(Esta historia es el segundo capítulo de "La Arena", si no lo has léido, hazlo primero)
Por Monty Peiró
Call me the breeze
I keep blowin' down the road
Well now they call me the breeze
I keep blowin' down the road
I ain't got me nobody
I
don't carry me no load
J.J.CALE
La veo nada más entrar en el bar.
Apoyada en la barra, bebiendo whisky solo como sólo beben las mujeres solas. Me
atraen este tipo de mujeres. Sé que me va a rechazar, que va a ser
terriblemente antipática, puede que agresiva. Me atraen las mujeres que odian a
las mujeres, que compiten con cualquier otra que ose pisar un centímetro de su
terreno. Me gusta sentarme con ellas, aguantar su ataque, sortear sus
provocaciones y al final, arrancar de su odio una historia. Normalmente una
historia trágica que les ha hecho desconfiar de cualquier otra mujer porque
hace siglos que dejaron de confiar en ellas mismas. Pero casi siempre una buena
historia. Me gusta escuchar buenas historias contadas por malas mujeres.

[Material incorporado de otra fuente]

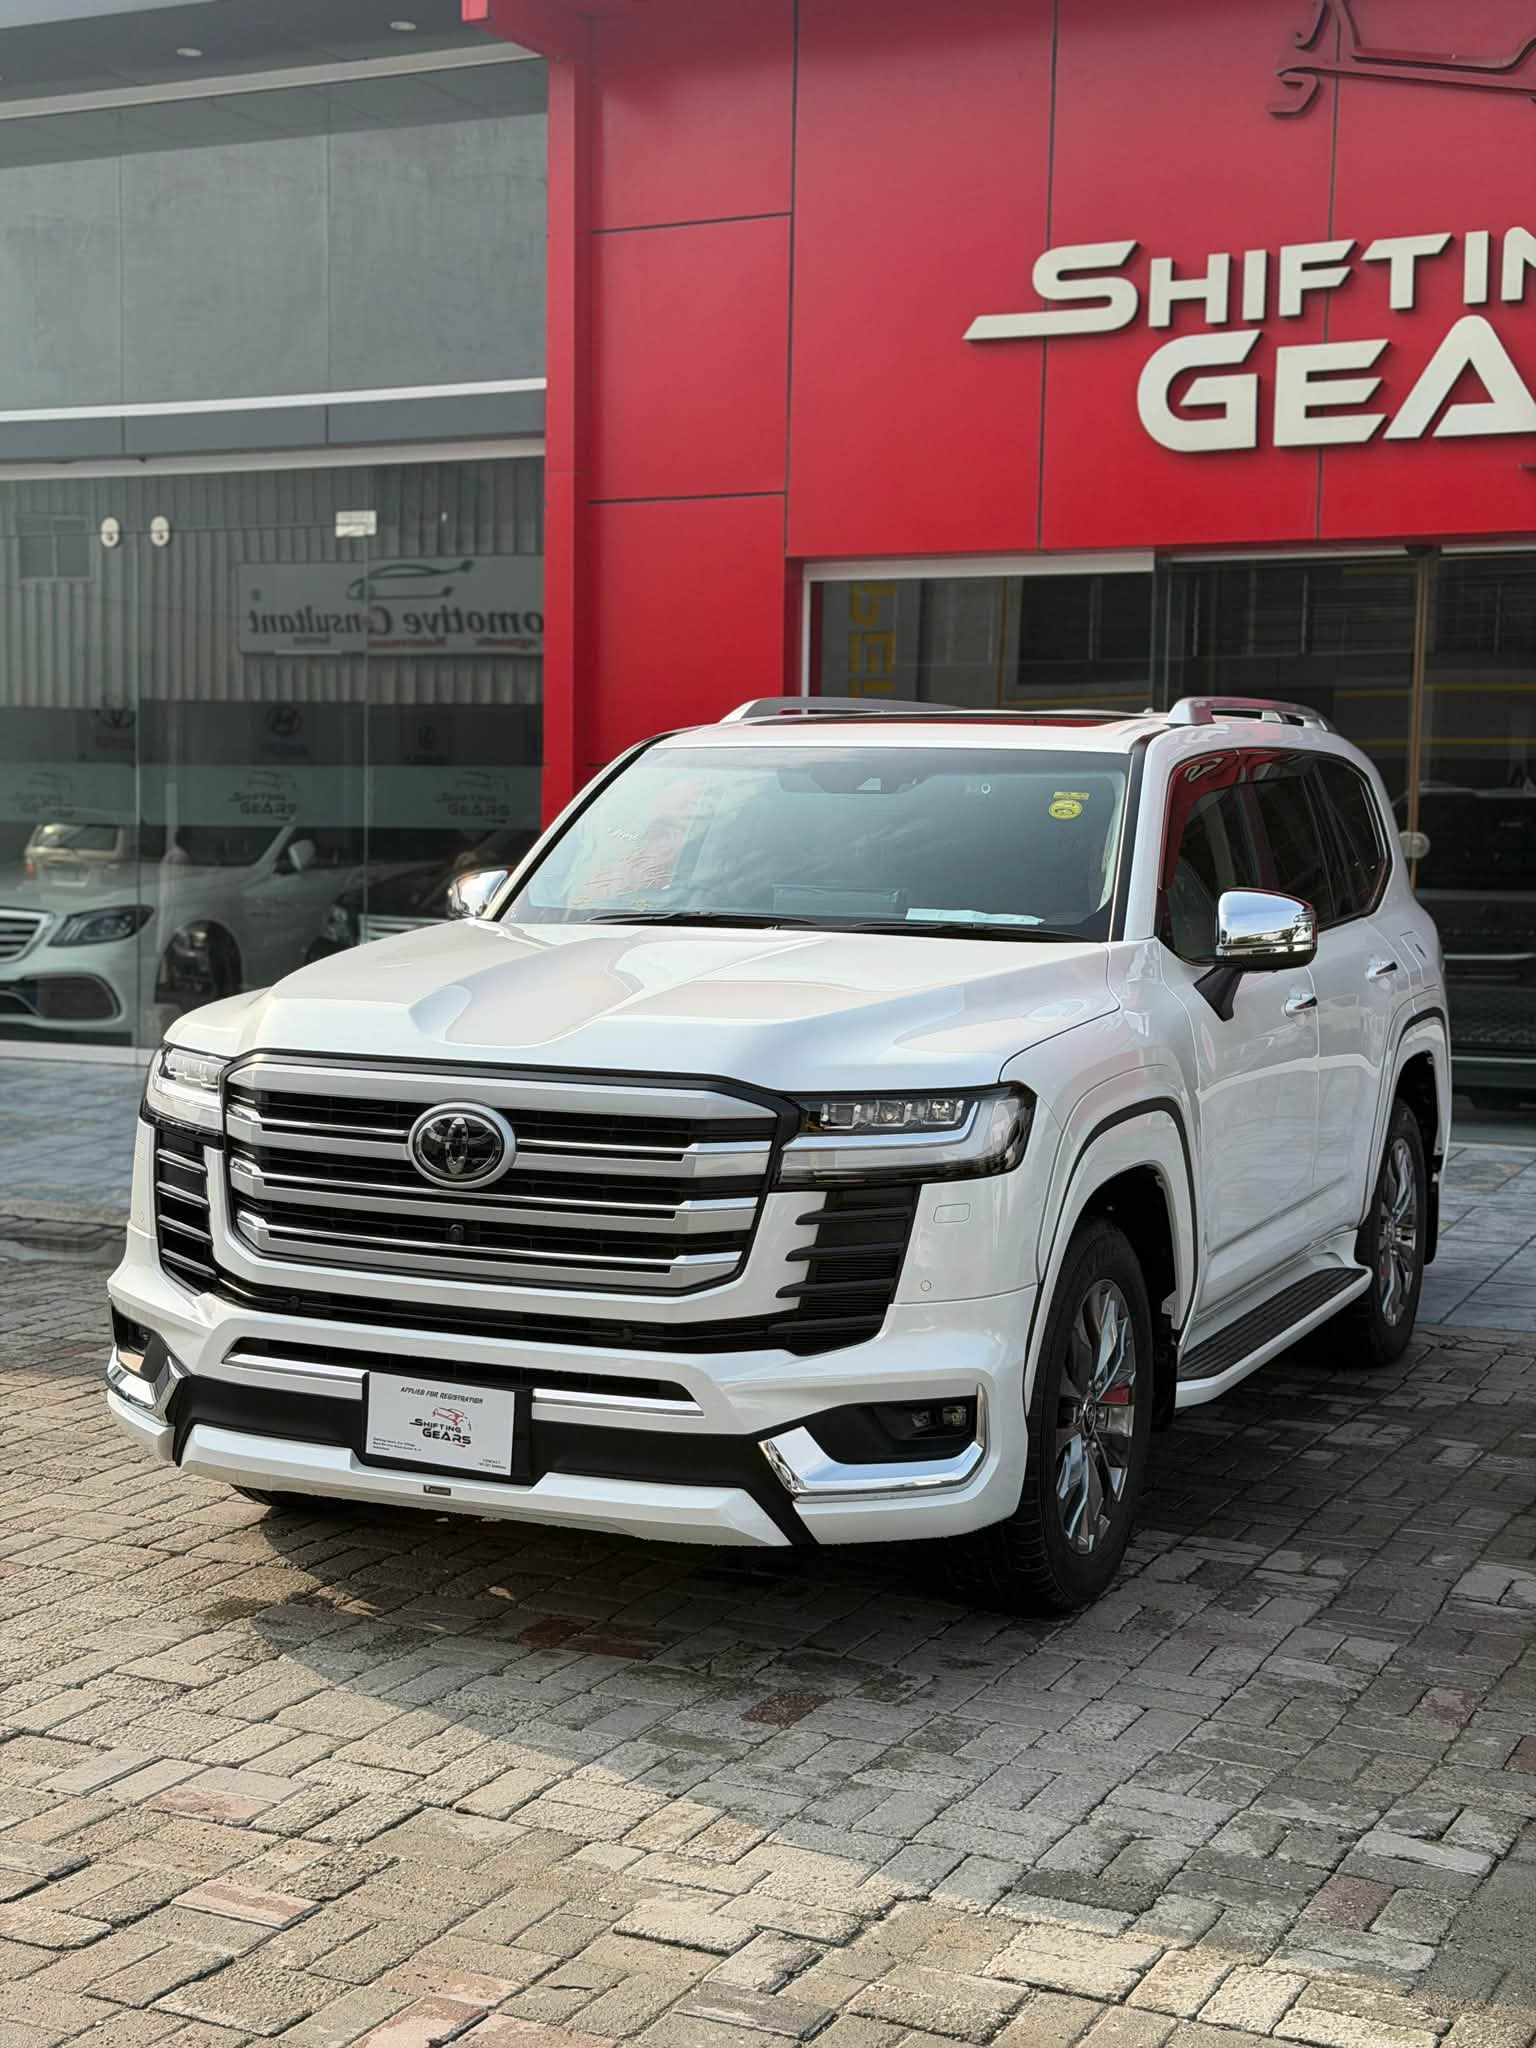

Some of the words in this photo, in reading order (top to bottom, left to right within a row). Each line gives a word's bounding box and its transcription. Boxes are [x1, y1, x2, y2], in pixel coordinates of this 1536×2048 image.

Supongo que aunque nunca les cuente la mía, la de verdad, sé que sólo ellas
serían capaces de entenderme. Sé que en el fondo, este tipo de mujeres
apoyarían mi causa.
Me acerco y me sitúo junto a ella.
Qué tal, le digo. Me mira con tanto desprecio que no puedo evitar sentir la
adrenalina surcando mis venas. Promete. Se termina su copa de un trago y hace
un gesto al camarero que significa claramente “otro”. Me siento a su lado. No
se inmuta. Le digo al camarero que me sirva otro whisky a mí. Aunque odio el
puto whisky lo hago por pura deferencia. Cuando nos sirve los dos le ofrezco un
brindis elevando mi vaso. Qué coño quieres, me espeta. Beber, como tú. Sonrío.
Resopla de hastío, sé que eso significa que la barrera ha caído unos
centímetros. Eleva su vaso y brindamos, aunque no me mira. Cómo te llamas.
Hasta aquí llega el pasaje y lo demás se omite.